Segment Open
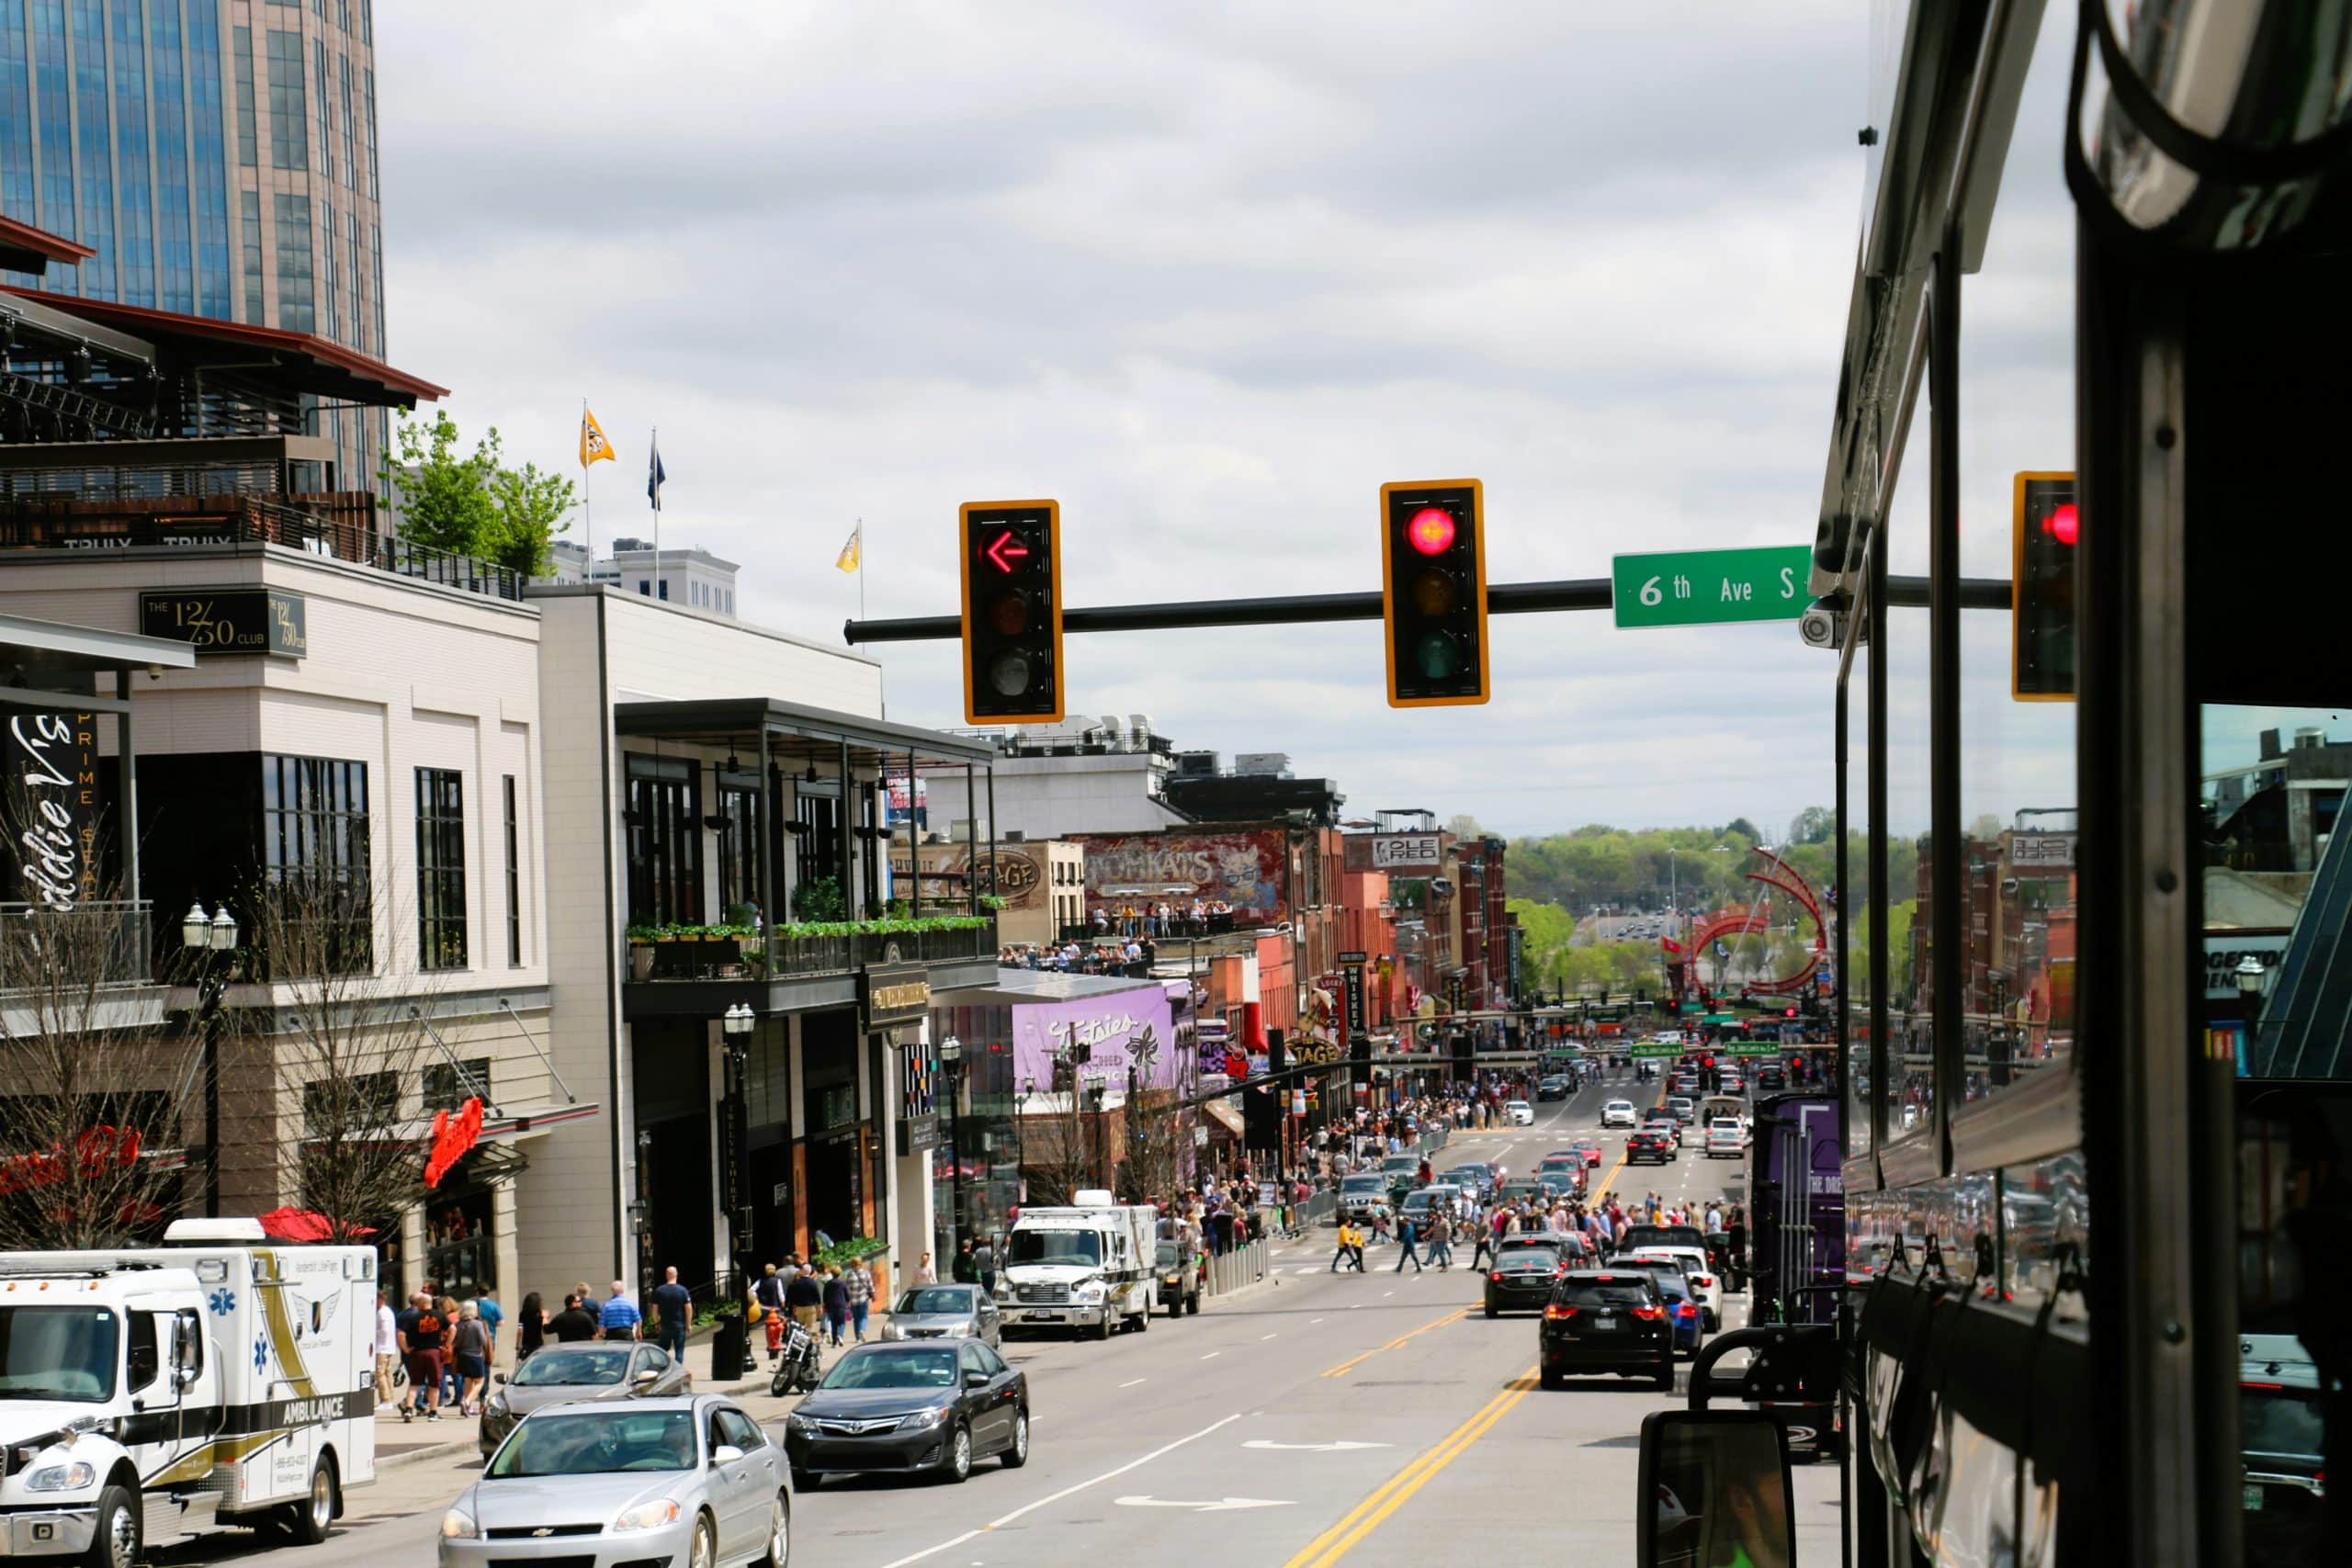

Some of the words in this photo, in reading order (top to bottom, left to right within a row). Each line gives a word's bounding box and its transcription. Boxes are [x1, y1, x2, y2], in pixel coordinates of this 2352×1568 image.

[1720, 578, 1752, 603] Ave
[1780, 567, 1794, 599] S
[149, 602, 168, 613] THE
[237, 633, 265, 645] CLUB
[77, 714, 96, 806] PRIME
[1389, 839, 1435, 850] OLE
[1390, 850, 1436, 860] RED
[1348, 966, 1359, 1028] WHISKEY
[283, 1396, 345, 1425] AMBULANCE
Segment Closed
WHAT IS REQUIRED: In the copy, include all records verbatim but no images.

SOLVED PROBLEM:
Some of the words in this photo, in reading order (top to bottom, left to right within a row). Each line gives a word's bounding box and its transcription. Boxes are [x1, y1, x2, y2], in pixel coordinates of this 2352×1568 image.

[1720, 578, 1752, 603] Ave
[1780, 567, 1794, 599] S
[149, 602, 168, 613] THE
[237, 633, 265, 645] CLUB
[77, 714, 96, 806] PRIME
[1389, 839, 1435, 850] OLE
[1390, 850, 1436, 860] RED
[1348, 966, 1359, 1028] WHISKEY
[283, 1396, 345, 1425] AMBULANCE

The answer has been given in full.